Lawfare posted this article yesterday. There is a lot more to the article than this, so you should read the whole thing. But this speculation at the end was the part that most interested me.
Will the Select Committee’s Filing Change the Department of Justice’s Perspective? (Lawfare)
So will the committee’s brief actually trigger a Justice Department investigation? The answer to that question is not entirely clear. To be sure, the committee’s opinion has unparalleled weight. McQuade has tremendous credibility as an outside observer writing in a serious publication, and as we noted above, the allegations from the committee are similar to the ones she made. But the House Select Committee is the definitive legislative authority on this subject, and unlike McQuade, it is making these allegations after having interviewed more than 500 witnesses and collected 63,000 documents. What’s more, the evidence it is putting forward, it claims, is only a fraction of the relevant material it has collected, and it has already submitted additional exhibits under seal, according to the court record. While the committee has not made a formal criminal referral, one would expect that when a serious, bipartisan congressional investigation represents to a federal court that it has a pile of non-public evidence adequate to overcome a claim of attorney-client privilege because of the crime-fraud exception, the FBI’s ears prick up.
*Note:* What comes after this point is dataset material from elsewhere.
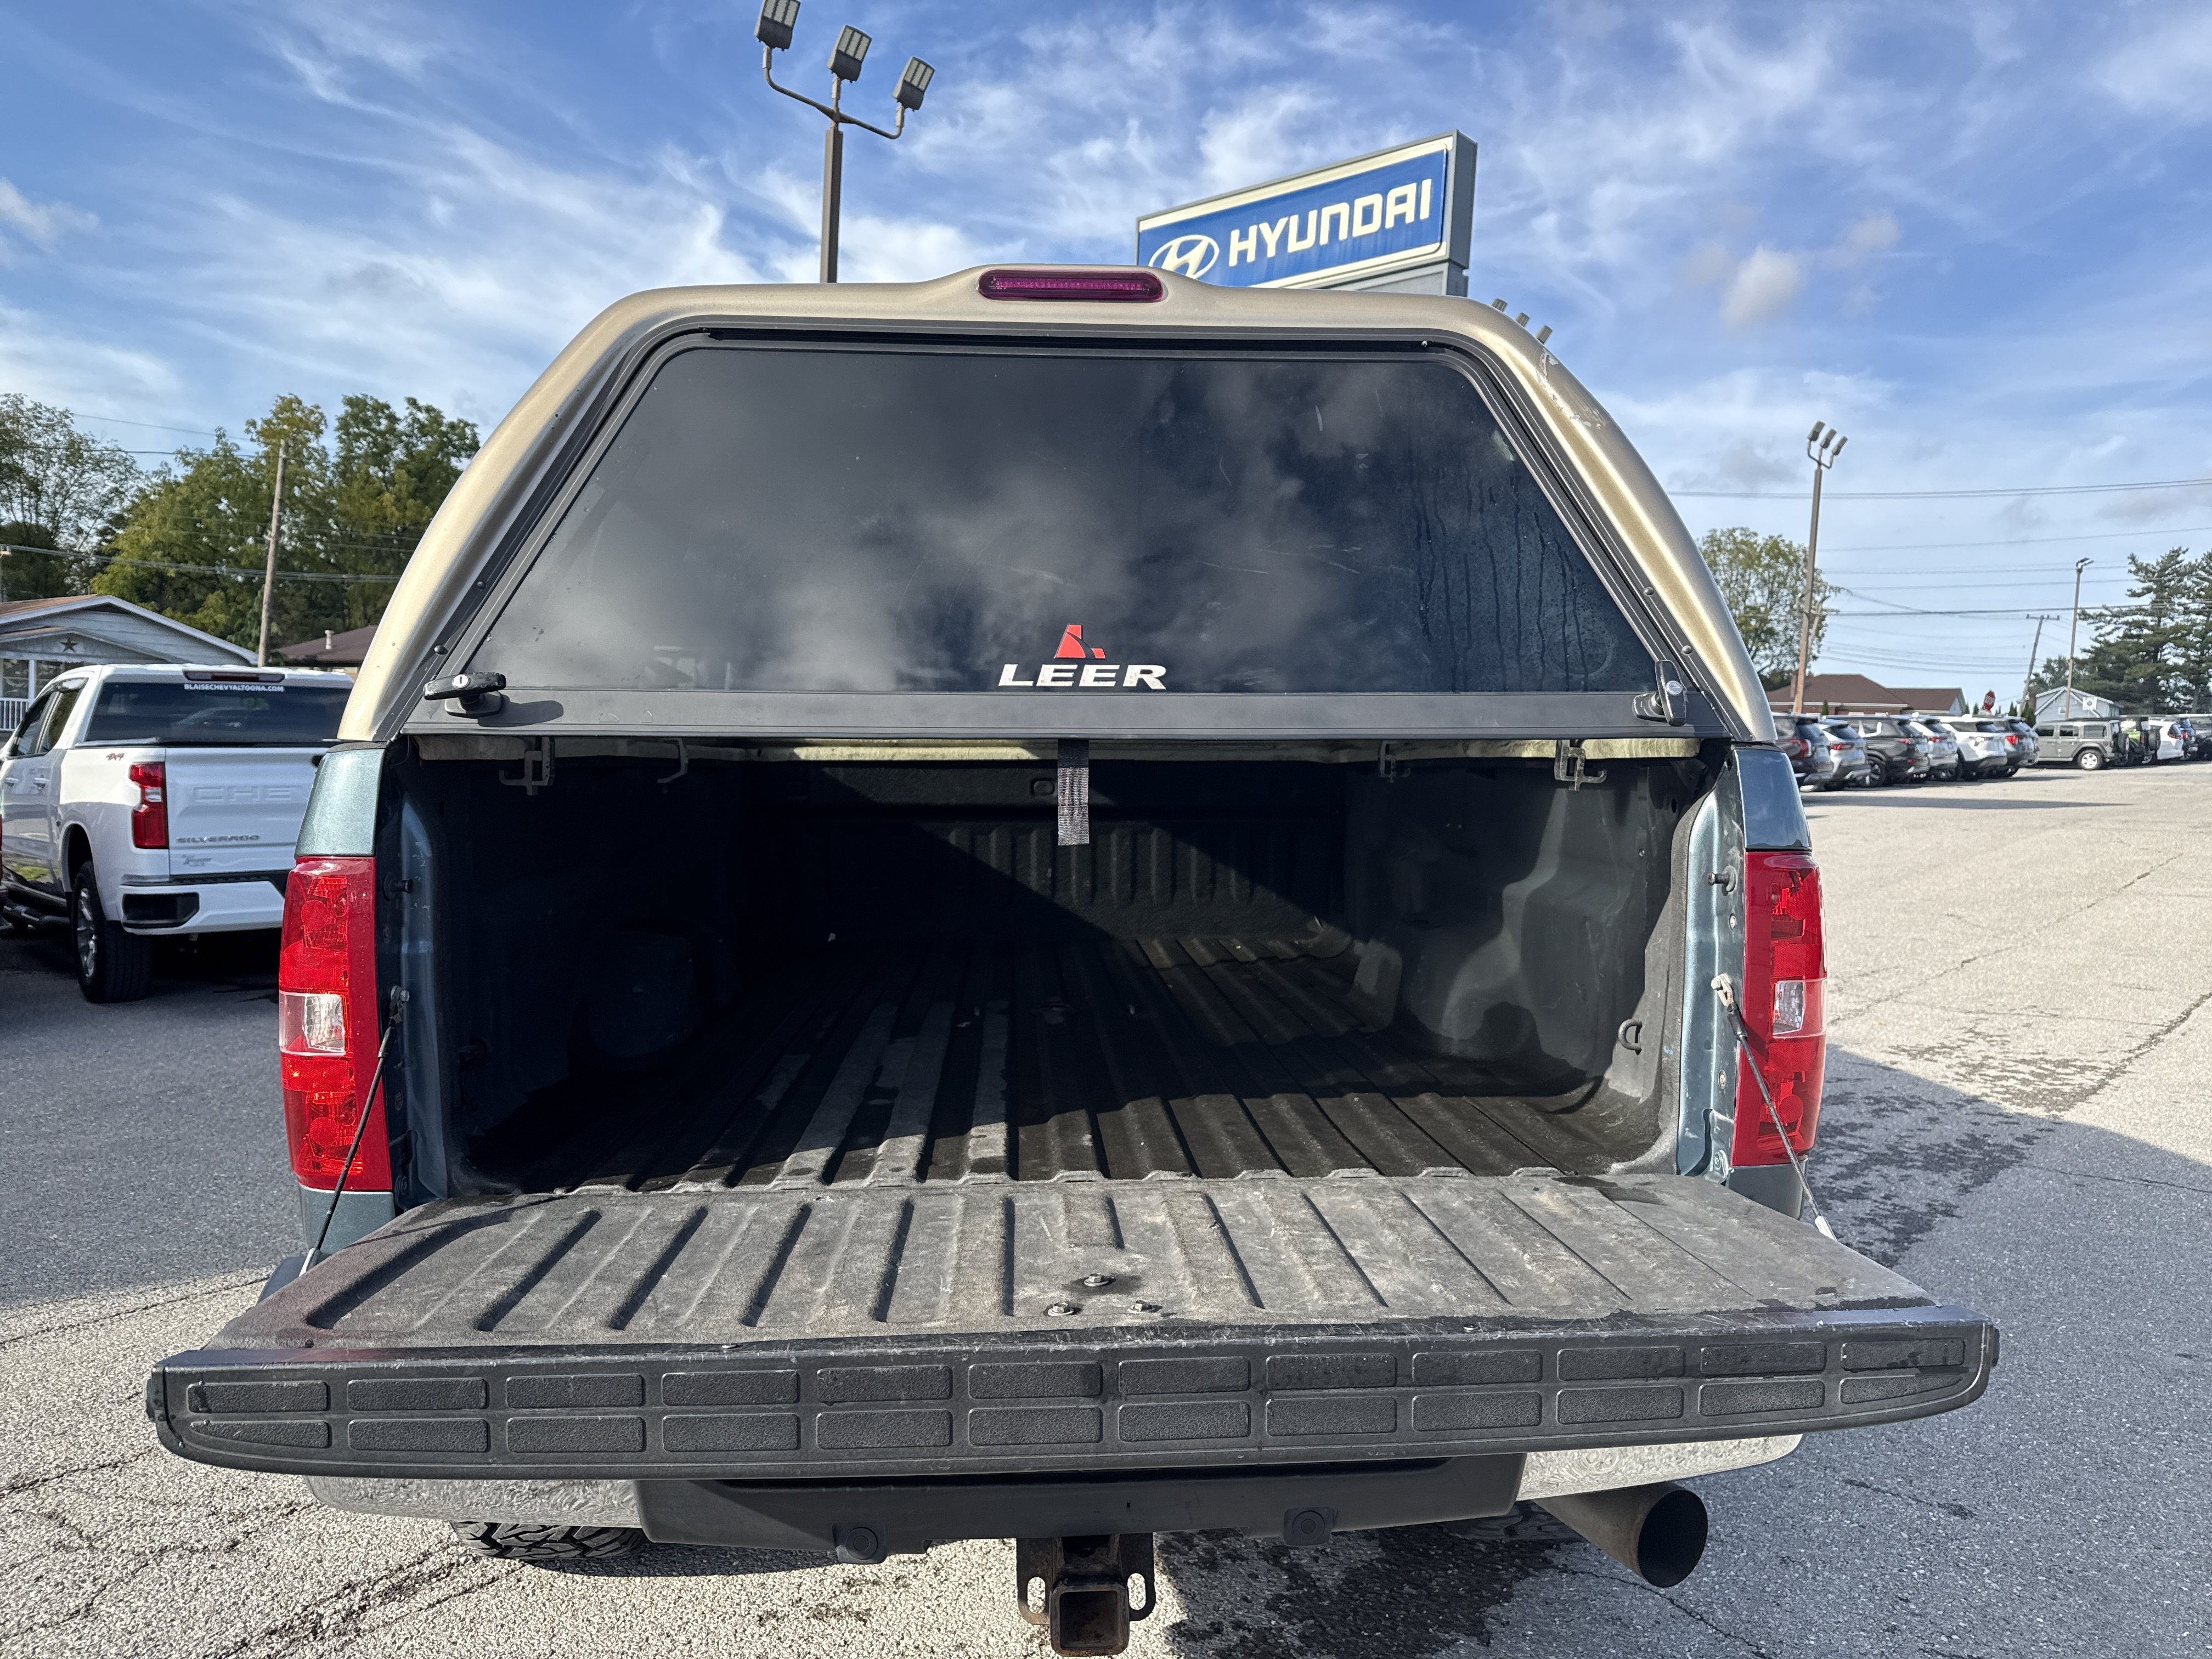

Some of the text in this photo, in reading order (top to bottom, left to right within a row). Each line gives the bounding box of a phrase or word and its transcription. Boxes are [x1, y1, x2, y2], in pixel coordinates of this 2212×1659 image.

Politically, the filing is already adding urgency to the chorus of voices wondering: Where’s Merrick Garland? That will surely continue.
Of course, the answer to that question—as we’ve dutifully and repeatedly noted–might be that the Justice Department or FBI is already quietly investigating these charges (or similar ones) and never needed any prodding from anyone.
If that’s the case, then the department is certainly showing extraordinary—even admirable—stealth. At a minimum, we can say with confidence that an investigation, if it has been opened, has not taken the kind of overt investigative steps that make news. The press is aware of no witnesses or documents that have been subpoenaed nor of any search warrants that have been executed. If such an investigation exists, it remains at a relatively preliminary stage.
There are, in our view, more likely possibilities. Perhaps the most likely is that the Justice Department and FBI have long been aware of the legal arguments the committee is making and the gist of the factual allegations that the committee martialed in this brief, and has simply decided to hold off commencing a criminal probe for discretionary reasons. Another possibility, more remote, is that the department has studied the legal argument the committee is making and has, for some reason, concluded as a matter of law that it would or could never bring a such a case—and thus that it should not conduct a criminal investigation of a former president based on this theory. Such a posture would, in our view, require an explanation.
Even if the Justice Department has already considered the matter and decided not to open a case, though, the steady drip, drip, drip of incriminating evidence and authoritative voices demanding action could eventually change the bureau’s calculus.
Eventually, it either has to look at this matter or explain why it is not doing so.
Most of us have long believed (feared?) that Trump would never face criminal charges. Have the recent developments with the Jan 6 committee changed your mind? Or at least given you hope?